Cyclus 427 METEN COORDINATEN
ISO-programmering
G427
Toepassing
Met tastcyclus 427 wordt een coördinaat in een te selecteren as bepaald en de waarde in een Q-parameter vastgelegd. Wanneer u de bijbehorende tolerantiewaarden in de cyclus definieert, vergelijkt de besturing de nominale en actuele waarden en slaat de afwijking op in Q-parameters.
In plaats van cyclus 427 METEN COORDINATEN adviseert HEIDENHAIN de krachtigere cyclus 1400 TASTEN POSITIE.
Verwante onderwerpen
- Cyclus 1400 TASTEN POSITIE
Cyclusverloop
- De besturing positioneert het tastsysteem met positioneerlogica naar de voorpositie van de eerste tastpositie 1.
- Vervolgens verplaatst de besturing het tastsysteem in het bewerkingsvlak naar de ingevoerde tastpositie 1 en meet daar de actuele waarde in de gekozen as
- Ten slotte positioneert de besturing het tastsysteem terug naar de veilige hoogte en slaat de vastgestelde coördinaat op in de volgende Q-parameter:
Q-parameter | Betekenis |
---|---|
Q160 | Gemeten coördinaat |
Instructies
- Deze cyclus kunt u uitsluitend in de bewerkingsmodus FUNCTION MODE MILL uitvoeren.
- Wanneer een as van het actieve bewerkingsvlak als meetas is gedefinieerd (Q272 = 1 of 2), voert de besturing een gereedschapsradiuscorrectie uit. De besturing bepaalt de correctierichting op basis van de gedefinieerde verplaatsingsrichting (Q267).
- Wanneer de tastsysteemas als meetas is geselecteerd (Q272 = 3), voert de besturing een gereedschapslengtecorrectie uit.
- De besturing zet een actieve basisrotatie aan het begin van de cyclus terug.

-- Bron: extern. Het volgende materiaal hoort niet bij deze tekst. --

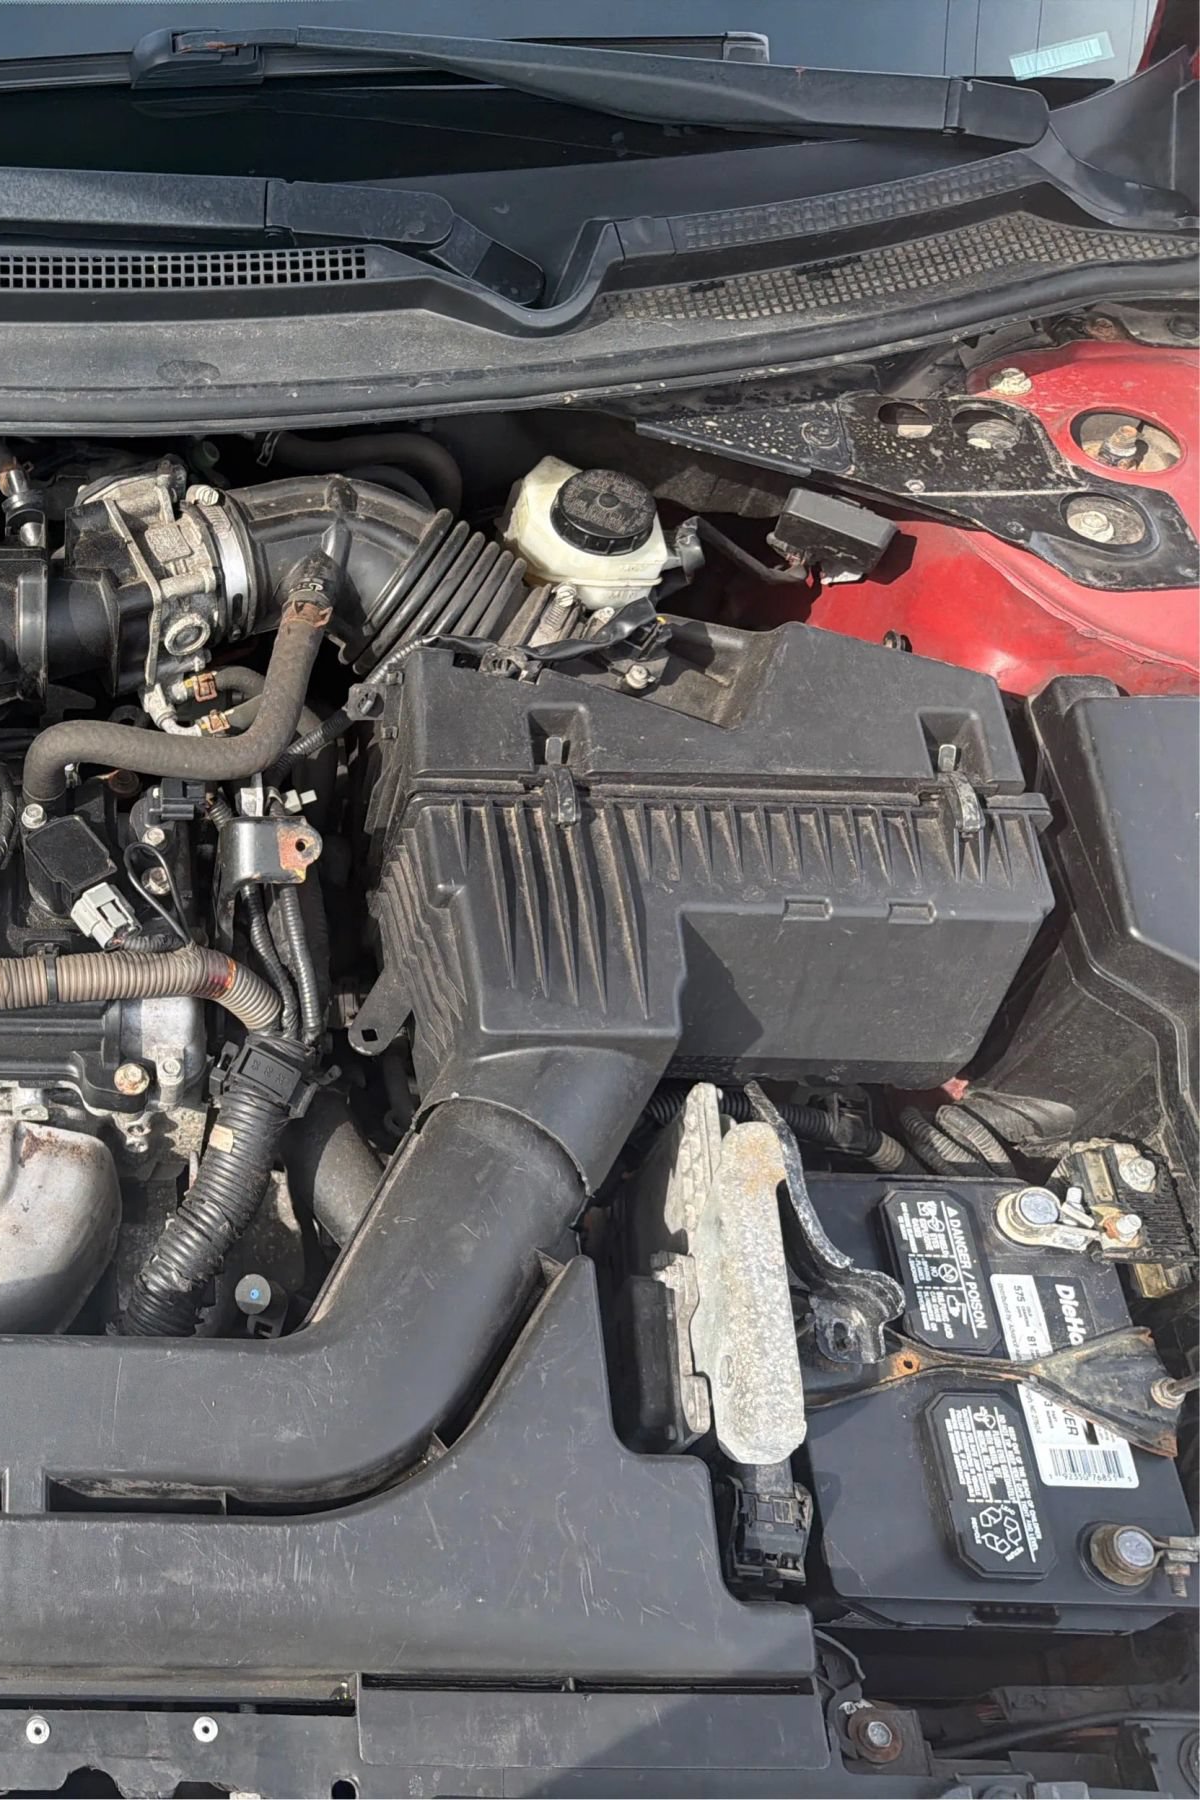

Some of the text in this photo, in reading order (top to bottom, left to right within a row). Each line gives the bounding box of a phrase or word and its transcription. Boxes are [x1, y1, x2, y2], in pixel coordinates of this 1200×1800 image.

Aanwijzingen voor het programmeren
- U moet vóór de cyclusdefinitie een gereedschapsoproep voor de definitie van de tastsysteemas hebben geprogrammeerd.
- De meethoogte Q261 moet tussen de kleinste en grootste maat (Q276/Q275) liggen.
- Wanneer u in parameter Q330 naar een freesgereedschap verwijst, dan hebben de ingevoerde gegevens in de parameters Q498 en Q531 geen effect.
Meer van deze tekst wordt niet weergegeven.